A Petrobras aprovou nesta segunda-feira, 20, a decisão final de investimentos (FID) do projeto SEAP I, na Bacia Sergipe-Alagoas, consolidando o desenvolvimento do Sergipe Águas Profundas (SEAP), uma nova fronteira de produção de óleo e gás no país. O FID do módulo SEAP II já havia sido aprovado em dezembro de 2025, restava o SEAP I.
Com investimentos totais superiores a 60 bilhões de reais, os dois projetos preveem a produção de mais de 1 bilhão de barris de óleo equivalente (boe), representando um retorno econômico significativo para a Petrobras, e contribuindo de forma relevante para o aumento da produção nacional de petróleo e gás.
A viabilização dos projetos decorreu de uma série de iniciativas conduzidas em conjunto com o mercado fornecedor, com destaque para as otimizações de projeto e a revisão de termos e condições contratuais, que elevaram a atratividade econômica dos dois módulos.
Esses avanços permitiram estruturar a negociação conjunta das plataformas P-81 e P-87, que integrarão os projetos SEAP I e SEAP II, respectivamente, possibilitando capturar sinergias relevantes e ganhos de escala, fundamentais para a conclusão da negociação em bases economicamente sustentáveis, diz o comunicado da Petrobras publicado em suas redes sociais.
As condições alcançadas ampliaram o retorno financeiro dos projetos e possibilitaram a inclusão do SEAP I na Carteira em Implantação Base.
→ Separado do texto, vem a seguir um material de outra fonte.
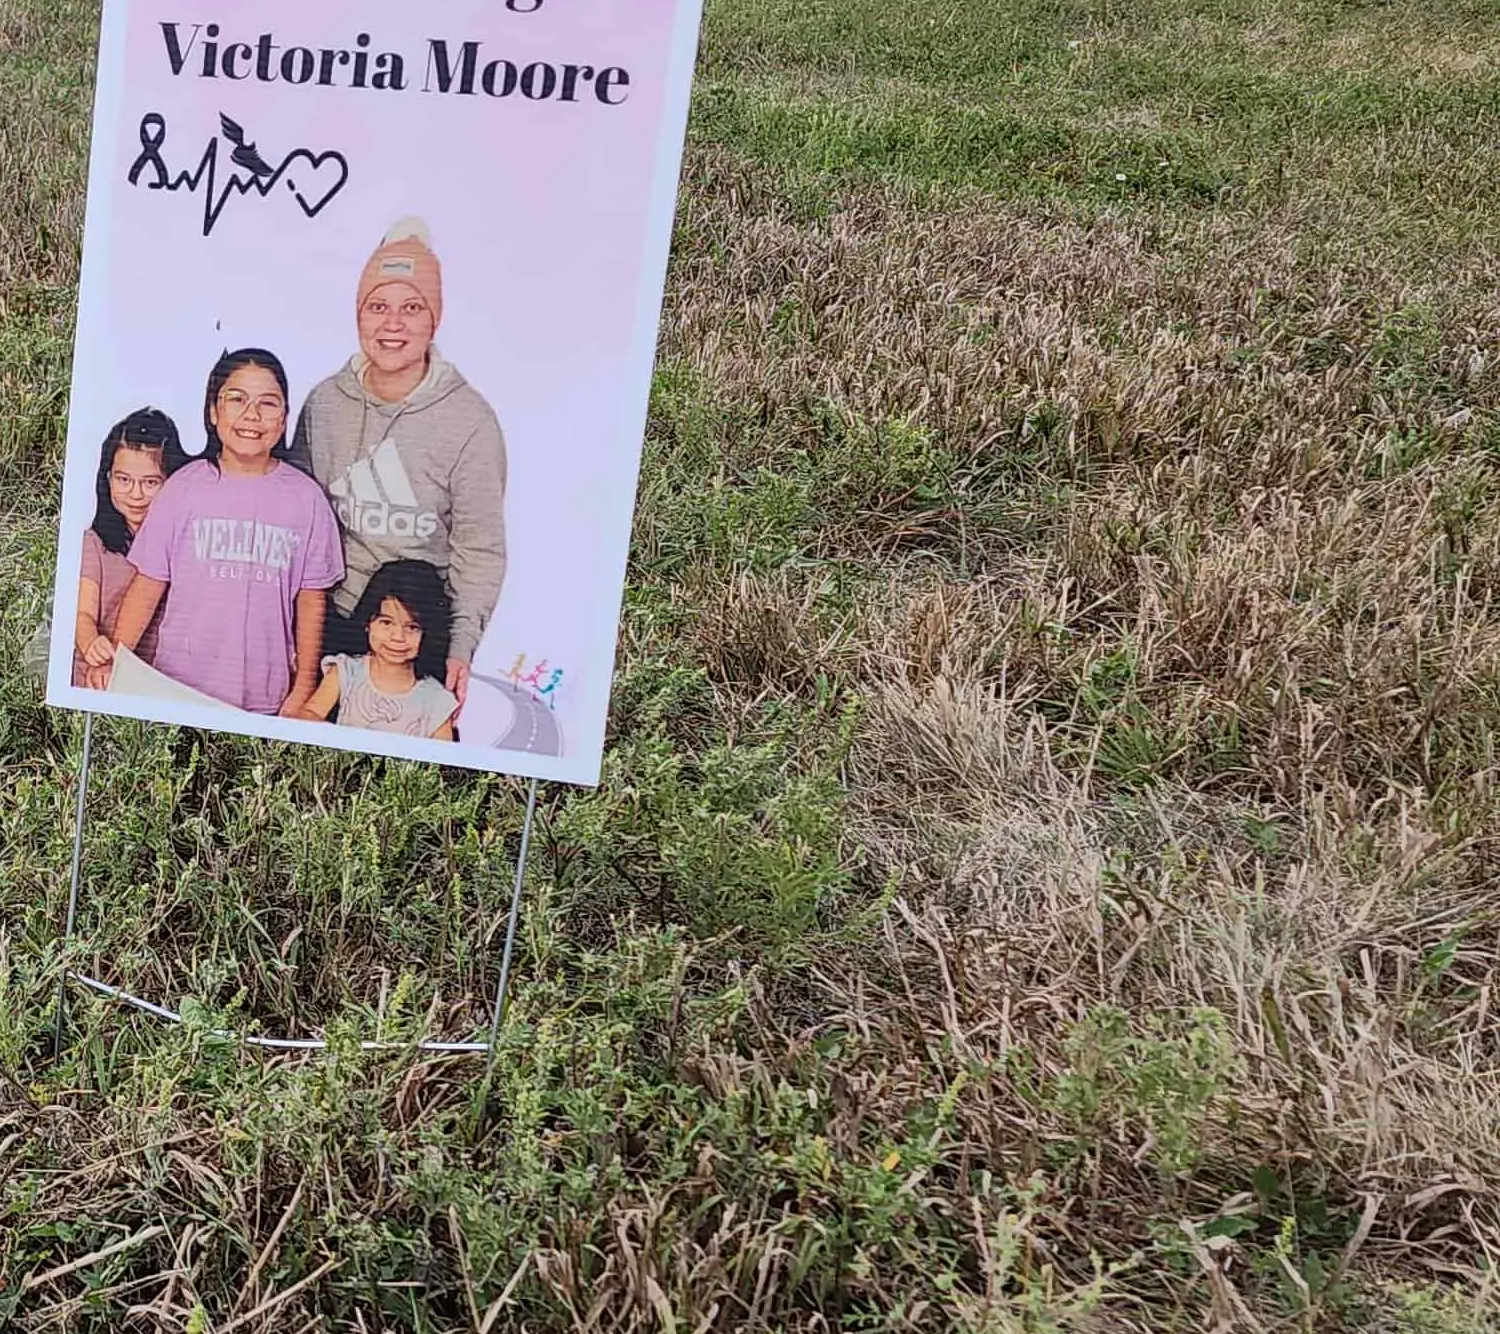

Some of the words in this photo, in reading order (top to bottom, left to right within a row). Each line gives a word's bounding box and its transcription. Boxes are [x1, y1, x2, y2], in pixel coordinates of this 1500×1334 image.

Esse resultado reforça a relevância da parceria e da escuta ativa entre a companhia e o mercado fornecedor como elementos centrais para a viabilização de projetos, mesmo em um contexto estruturalmente marcado pela volatilidade dos preços do petróleo.
A assinatura dos contratos está prevista para maio de 2026, após o cumprimento das etapas de governança e das aprovações junto aos parceiros. Esse marco impulsiona a etapa de execução dos projetos.
A SBM Offshore será responsável pela construção das duas plataformas, que, juntas, terão capacidade instalada para produzir até 240 mil barris de óleo por dia e processar 22 milhões de m³ de gás natural por dia. O início da produção de óleo está previsto para 2030, com exportação de gás a partir de 2031.
O modelo de contratação adotado para ambas as plataformas é o BOT (Build, Operate and Transfer), no qual a contratada é responsável pelo projeto, construção, montagem e operação das unidades por um período inicial definido em contrato, com posterior transferência à Petrobras.
Marco
A conclusão desta negociação representa marco relevante na estratégia de suprimentos da companhia, confirmando que o modelo BOT é uma solução madura, oferecendo à Petrobras a flexibilidade necessária para viabilizar novos projetos de sua carteira, mesmo diante dos atuais desafios de mercado.
“A escolha da modalidade de contratação BOT contribuiu para viabilizar o início da produção em menos tempo. Esse resultado reflete o trabalho conjunto da Petrobras, seus parceiros e o mercado fornecedor visando agregar valor aos projetos e fortalecer a estratégia da companhia”, afirma Renata Baruzzi, diretora de Engenharia, Tecnologia e Inovação.